A lot of great stuff to toggle here, like whether enemies display counter-attack prompts over their heads (with or without specific button prompts, or not at all). Shadow of War also displays an image of the UI aspect it’s talking about next to each option, so you can see exactly what a scene looks like with it on or off.
After Settings, it’s ‘Display’. This is where you’ll find resolution options, frame-rate caps, and the like.
The resolution options go all the way up to 8K (my god …), and you can effectively downsample from within the game itself if you wish, and, say, try to run 4K resolution on your 1080p monitor. Obviously you’d want the 4K texture pack to take full advantage of that, as well as a powerful enough GPU.
Vsync can be set to 60, 30 or off. The FPS cap options are pretty wild, allowing all kinds of arbitrary amounts like 36 or 80. It tops out at 240. You can also turn this off if you want. The game can be run in Fullscreen, Borderless Window, Windowed, or ‘Maximized’. On now, then, to Shadow of War’s more Advanced Graphics Options.
I’ll need to do further testing here, but the game defaulted to what seem like pretty smart settings for my hardware (i5-6600 / 16GB RAM / 380X). Except the Anisotropic Filtering, which it wanted to limit to 2x for some reason. I’m used to AF being pretty light in terms of hardware demands, so unless Shadow of War is an exception there I’ll be banging that up to at least 8x.
There’s a good breadth of options here. Anti-aliasing is a bit light (off, FXAA, or TAA are your choices there), but it’s a reasonable spread overall. Motion blur can be turned off. The ‘Large Page Mode’ toggle looks intriguing too; it says it allows the application (ie; Shadow of Mordor) to allocate faster memory. I’ll be giving that a go.
The in-game benchmark runs through a few in-game scenes, ending with a fairly intense fortress assault scene. Here’s what the post-bench results look like for my (as yet mostly untweaked) options. It gives the lowest frame-rate as 30, but I think it was only at that level while loading in the benchmark.
Again, I’ll have a better idea how the game runs on a 380X after a bit more testing. Look out for the PC Tech Review for more in that area. We still have some menus to get through here, with the next one being Sound.
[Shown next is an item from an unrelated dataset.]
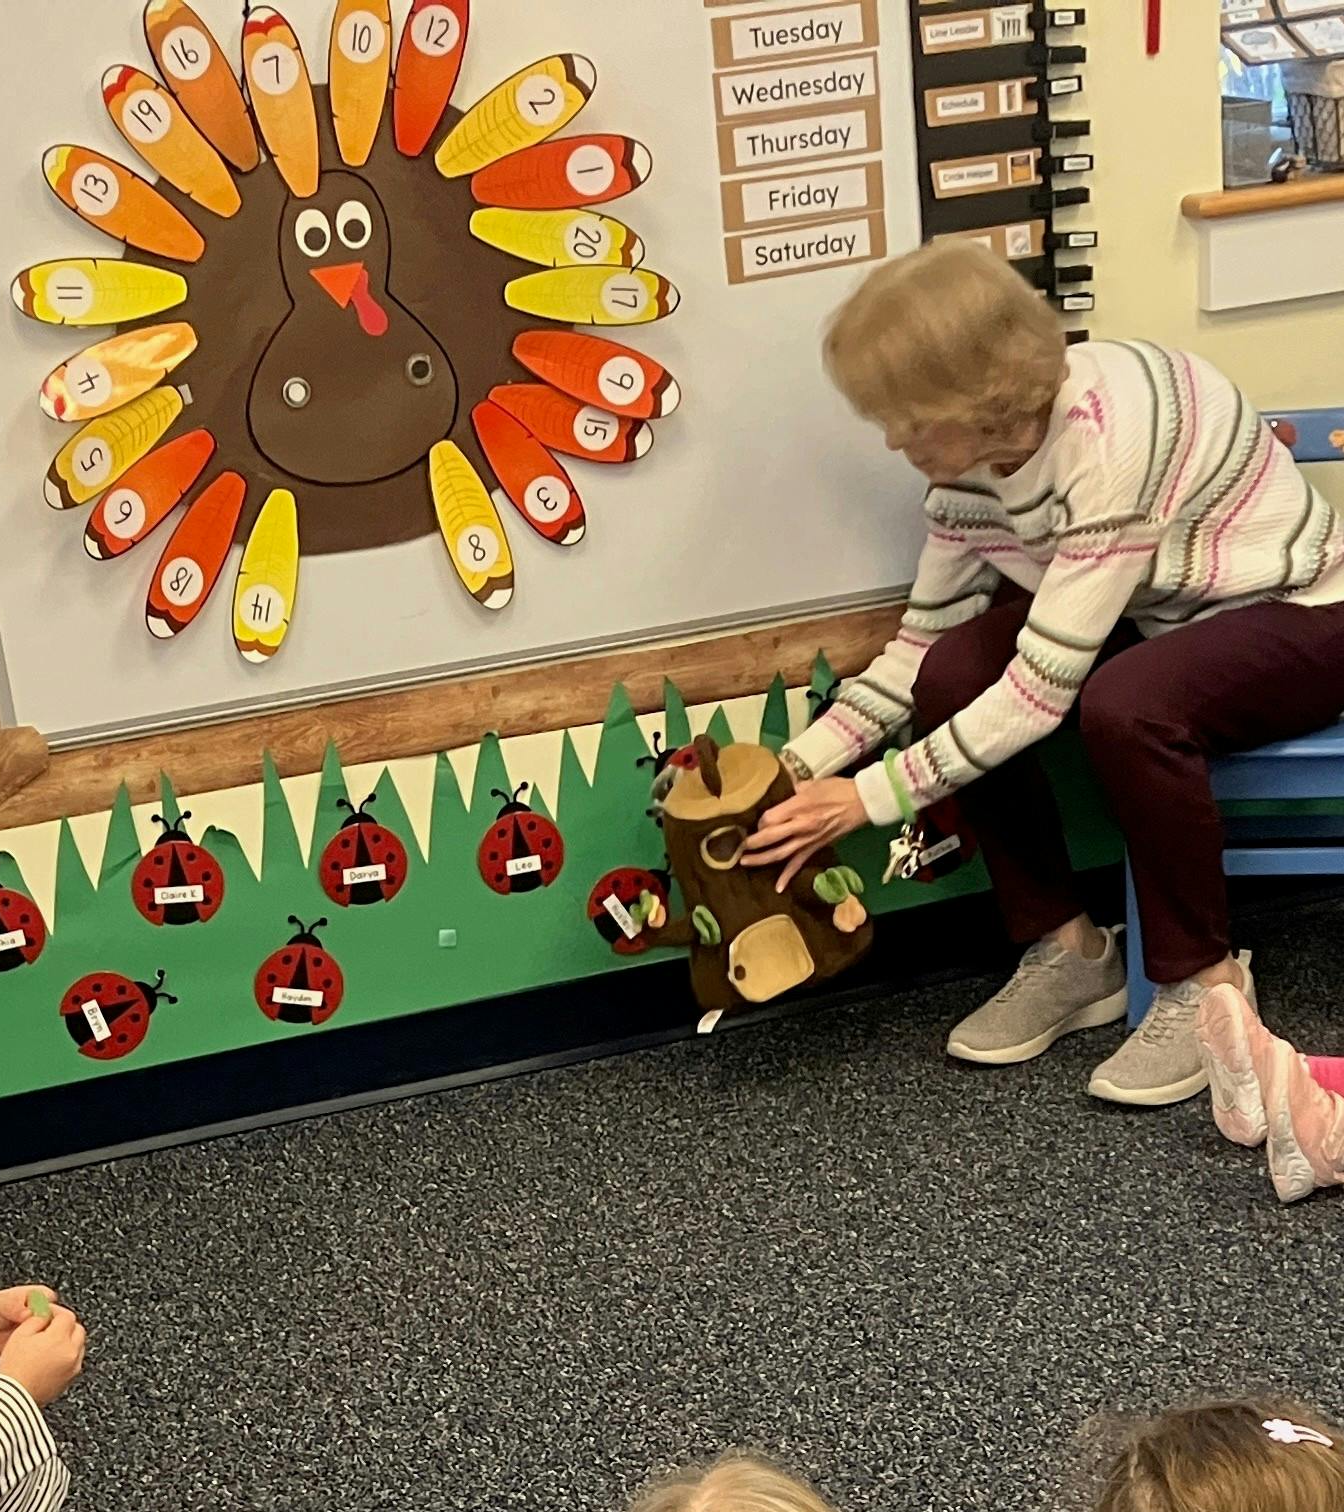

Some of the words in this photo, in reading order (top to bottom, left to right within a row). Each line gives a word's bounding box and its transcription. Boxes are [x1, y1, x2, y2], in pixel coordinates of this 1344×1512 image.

Pretty self-explanatory, this one. You can alter the ‘Listening Environment’ to Surround, Headphones, or Stereo, which presumably alters the dynamic range accordingly. Subtitles can be toggled here, as can the audio and text languages for the game. Plenty to choose from if you’re not an English speaker. Next; mouse and keyboard settings, and control binds.
I’ve merged a couple together here. ‘Input’ deals with mouse (or controller) sensitivity, aim assistance, camera inversion and the like, while ‘Bindings’ (as you may guess) is all about rebinding the input keys. Helpfully, when you do the latter, it also tells you what other input actions you’re changing by moving (say) ‘Sprint’ off the space bar.
This does mean that some bindings are inextricably linked, however. You can’t move Sprint away from space, but leave it another, connected, action (like Dodge Roll), for example. Shadow of War will automatically switch on-the-fly between controller and keyboard prompts, depending on which device you touched last. You can’t alter the controller inputs, as far as I can tell.
The other menus are further keybinding screens, for combat and Caragor riding. The final one is for the Credits and checking network status.